Expert production by Adam Lee Miller of Detroit’s ADULT. and mastering by Rafael Anton give the set a sonic sheen that lends it immediate credence as masterpiece of avant-garde minimalism. Miller’s ADULT. is based in synthpop, while Anton’s credits include minimalist Terry Riley and eclectic composer Ryuichi Sakamoto. Both legacies are apparent here, and while the form of the album is arguably commercial, it encompasses a sound that is equal parts industrial music, dance music and work song.

Themes include the garment industry, love gone wrong and gender politics, wrapped up in a sonic palette that flirts with commerciality. This commerciality is by design, says composer/vocalist Lun*na Menoh.

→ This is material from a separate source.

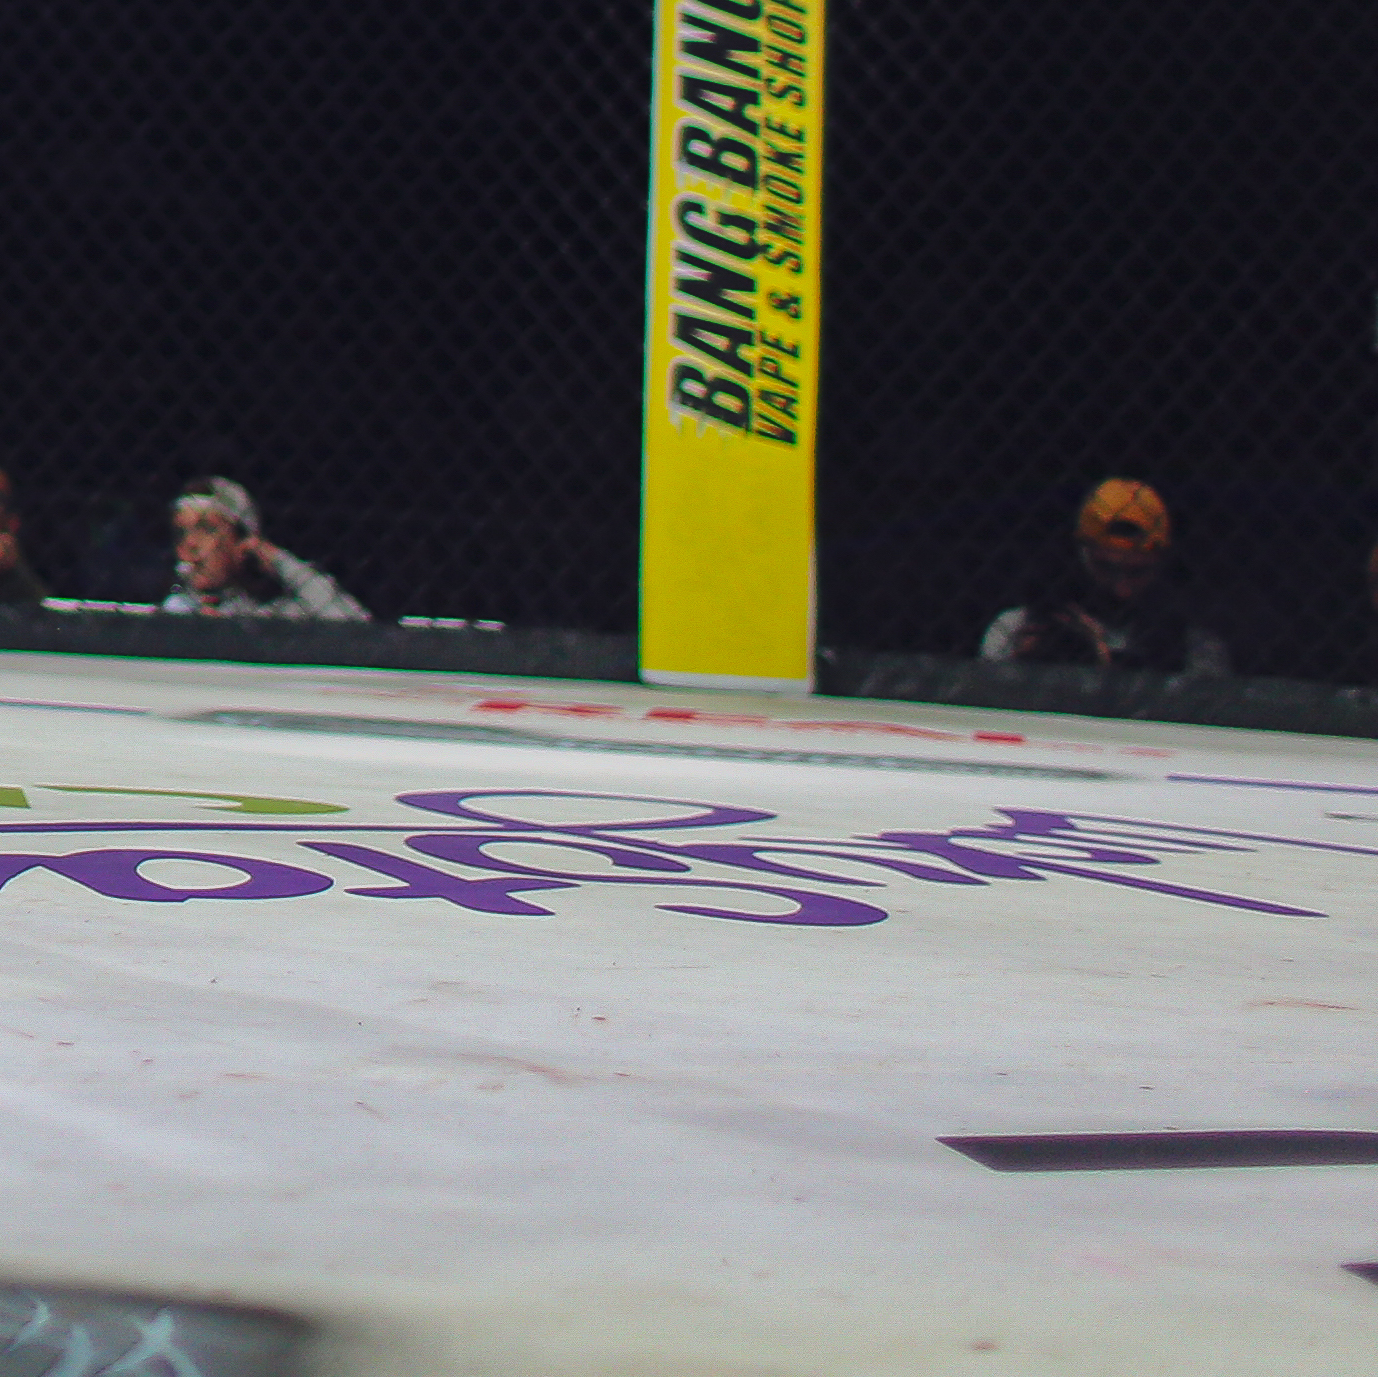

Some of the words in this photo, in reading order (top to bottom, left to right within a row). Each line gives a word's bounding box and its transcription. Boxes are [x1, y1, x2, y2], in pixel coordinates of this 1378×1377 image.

[760, 114, 807, 274] SMOKE
[672, 198, 758, 436] BANG
[768, 290, 802, 319] &
[755, 327, 801, 446] VAPE

“I always like the concept of a ‘pop’ band,” Menoh told me, “because a pop band is more reachable than an experimental band. I want to set the band concept, because people will look at me. It’s the same thing as a fashion show. It’s not a regular fashion show, but if say ‘fashion show,” people will come, but if I say ‘performance art,’ no one will come.”

Work Song Rhythms
The album is heavily rhythmic, in a new kind of hard electronic way that makes it ideal for the dance floor at the trendiest of clubs. As the sounds generated by a sewing machine are not necessarily pitched, I asked Menoh how challenging it is to get actual melodic tones from these machines.

“Yeah, it’s very hard,” she said. “Because the sound wave of the sewing machine noise is really, really wavy. So it’s really hard to hear a certain noise, even with MIDI technology. So when I get a certain note, I have to chop a lot, and then put it together so it sounds like one note.” Using Garageband, Menoh creates very unique electronic melodies that weave in and out of the songs’ rhythms, which is something she first experimented with for her iconoclastic rendition of Ravel’s “Bolero.”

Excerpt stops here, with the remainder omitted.